BMC Health Serv Res. 2021 Jan 4;21(1):5. doi: 10.1186/s12913-020-05989-7.
BACKGROUND: The HOSPITAL Risk Score (HRS) predicts 30-day hospital readmissions and is internationally validated. Social determinants of health (SDOH) such as low socioeconomic status (SES) affect health outcomes and have been postulated to affect readmission rates. We hypothesized that adding SDOH to the HRS could improve its predictive accuracy.
METHODS: Records of 37,105 inpatient admissions at the University of Chicago Medical Center were reviewed. HRS was calculated for each patient. Census tract-level SDOH then were combined with the HRS and the performance of the resultant "Social HRS" was compared against the HRS. Patients then were assigned to 1 of 7 typologies defined by their SDOH and a balanced dataset of 14,235 admissions was sampled from the larger dataset to avoid over-representation by any 1 sociodemographic group. Principal component analysis and multivariable linear regression then were performed to determine the effect of SDOH on the HRS.

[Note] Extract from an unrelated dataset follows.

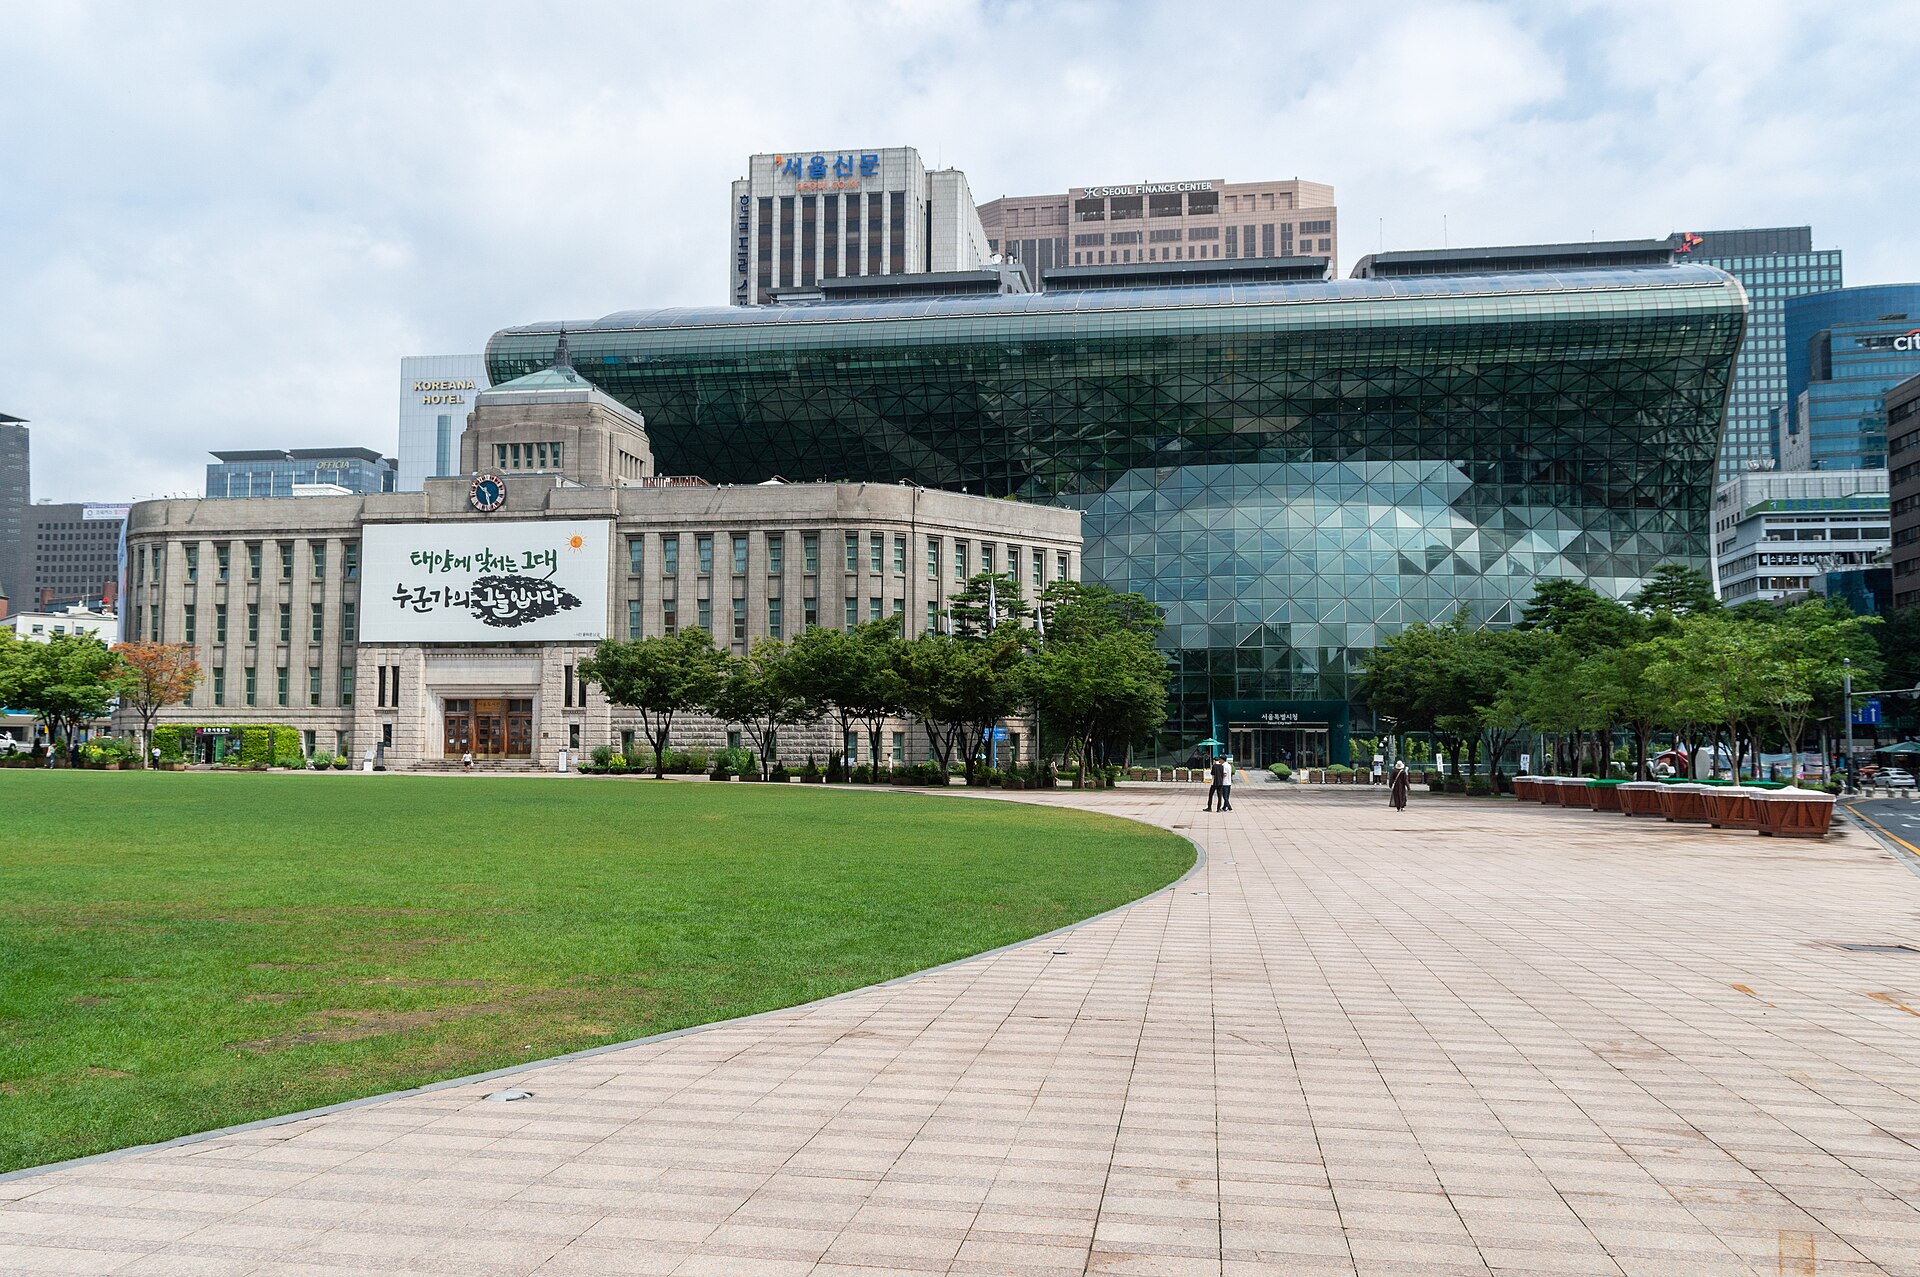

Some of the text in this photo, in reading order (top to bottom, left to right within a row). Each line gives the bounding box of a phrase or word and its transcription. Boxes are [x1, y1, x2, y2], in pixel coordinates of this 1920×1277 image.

RESULTS: The c-statistic for the HRS predicting 30-day readmission was 0.74, consistent with published values. However, the addition of SDOH to the HRS did not improve the c-statistic (0.71). Patients with unfavorable SDOH (no high-school, limited English, crowded housing, disabilities, and age > 65 yrs) had significantly higher HRS (p < 0.05 for all). Overall, SDOH explained 0.2% of the HRS.
CONCLUSION: At an urban tertiary care center, the addition of census tract-level SDOH to the HRS did not improve its predictive power. Rather, the effects of SDOH are already reflected in the HRS.